The Sanders/Jaypal versions give the most coverage for the cheapest cost.  That's where we should be heading.


nan - is Canada really the best analogy to M4A?   Would you admit that the following is true?

"So, in Canada, rather than having a single national health care system, we actually have 13 provincial and territorial health care systems," Grepin explains. "So, that might be something that people don't fully realize. It's not a national system. And so, as a result, there's actually quite a lot of variation across the provinces in terms of how things are done."
She also pointed out that Canada isn't strictly a single-payer system.
"Another thing that people sort of misunderstand about Canada is that some people like to say that we have a single-payer health care system and that's true for some things," she says. "But actually, we have a very multi-payer health care system in Canada and that a lot of things are actually paid for through private health insurance in Canada."

nan said:


 The New York Times hired an unqualified reporter just to smear Sanders,

 When are you going to stop making this ridiculous assertion?


drummerboy said:

nan said:


 The New York Times hired an unqualified reporter just to smear Sanders,

 When are you going to stop making this ridiculous assertion?

 She won’t.


ridski said:

drummerboy said:

nan said:


 The New York Times hired an unqualified reporter just to smear Sanders,

 When are you going to stop making this ridiculous assertion?

 She won’t.

 oh


drummerboy said:

 When are you going to stop making this ridiculous assertion?

 It's 100% true.  I have provided evidence. 


nan said:

 It's 100% true.  I have provided evidence. 

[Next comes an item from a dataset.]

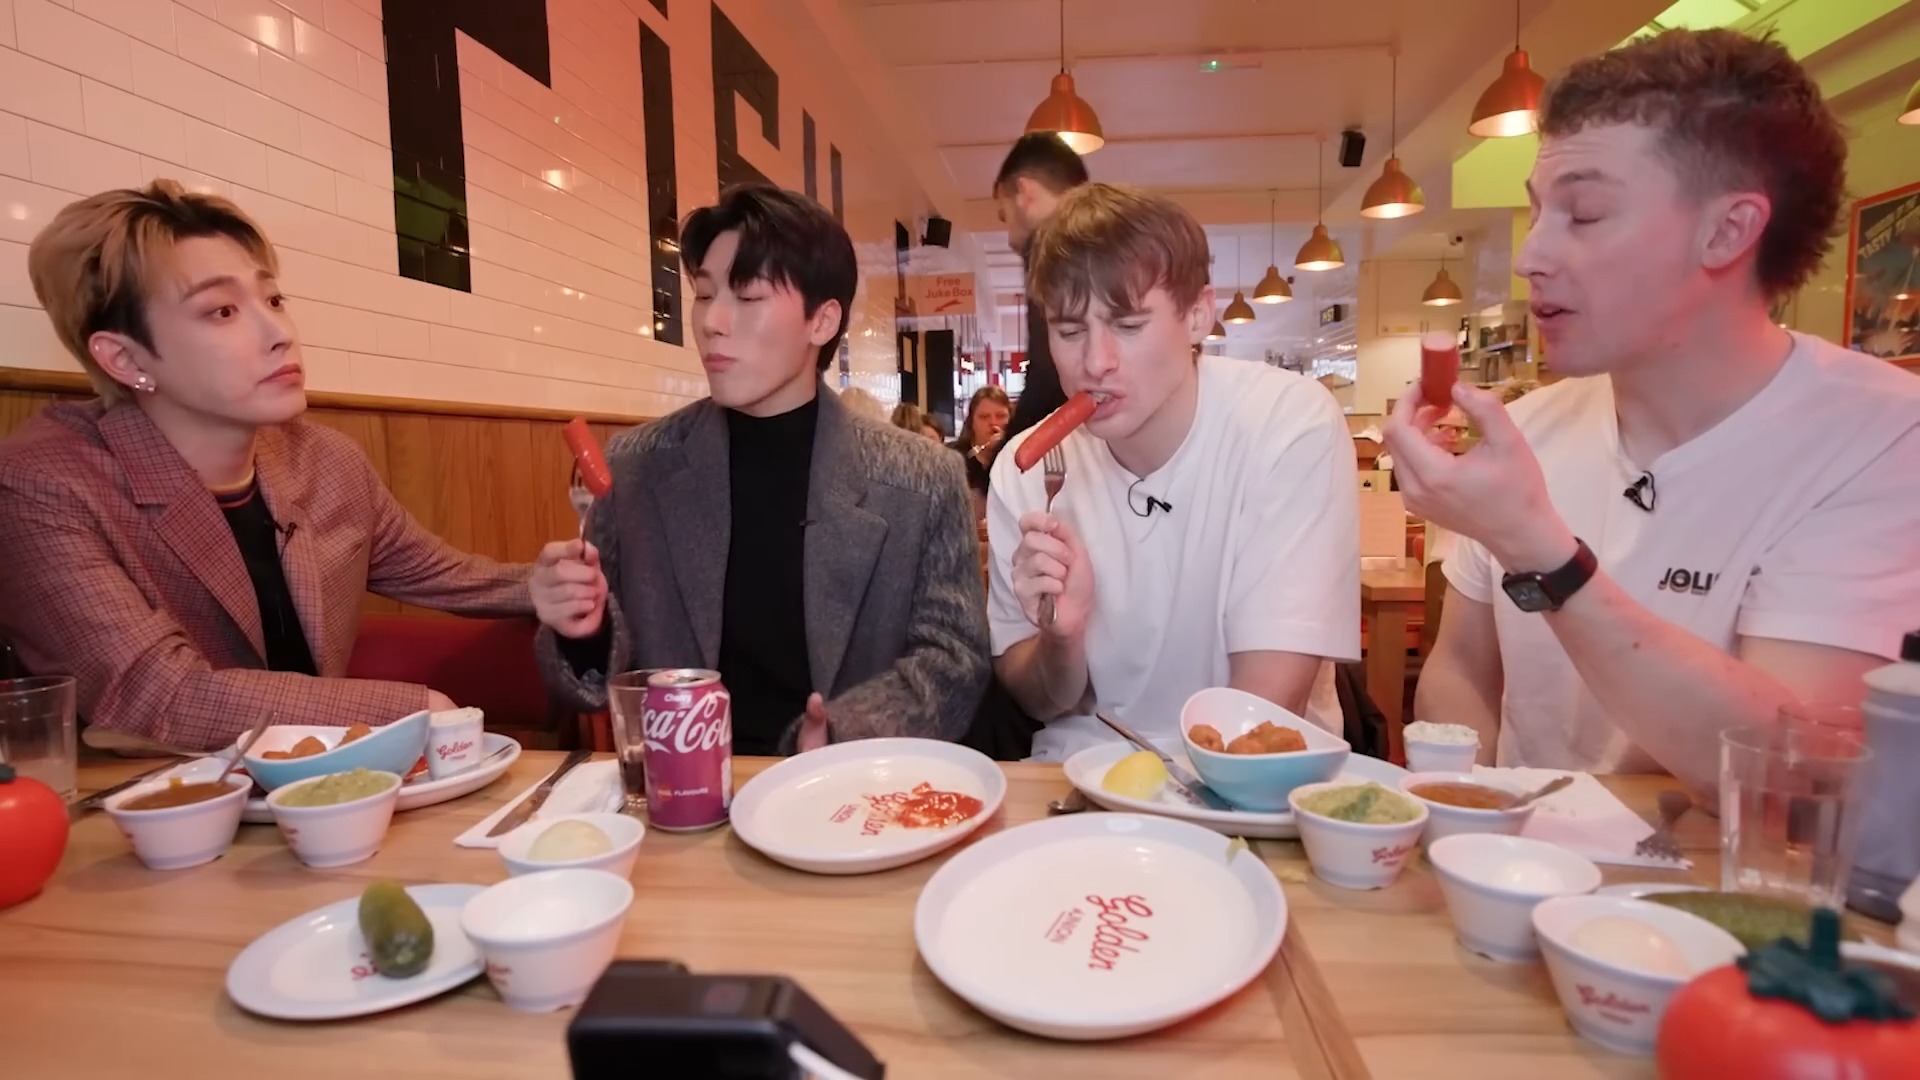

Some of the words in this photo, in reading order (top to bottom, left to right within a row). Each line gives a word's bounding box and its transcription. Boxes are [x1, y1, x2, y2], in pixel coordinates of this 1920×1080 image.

It's 0% true and you have not provided evidence for your specific claim. As I've shown you already.  The fact that you think this is true is, again, quite disconcerting.


drummerboy said:

It's 0% true and you have not provided evidence for your specific claim. As I've shown you already.  The fact that you think this is true is, again, quite disconcerting.

 The fact that you can't see the nose on your face is quite disconcerting.  I guess we will add this to the list of things you don't acknowledge, like Hillary's secret deal for the 2016 election, the one Donna Brazille revealed in her book.


nan said:

 The New York Times hired an unqualified reporter just to smear Sanders, so they are not the go-to-guys on evaluating healthcare, even when presenting it as "objective" experts.  

 Which one was the unqualified reporter, Austin, or Aaron?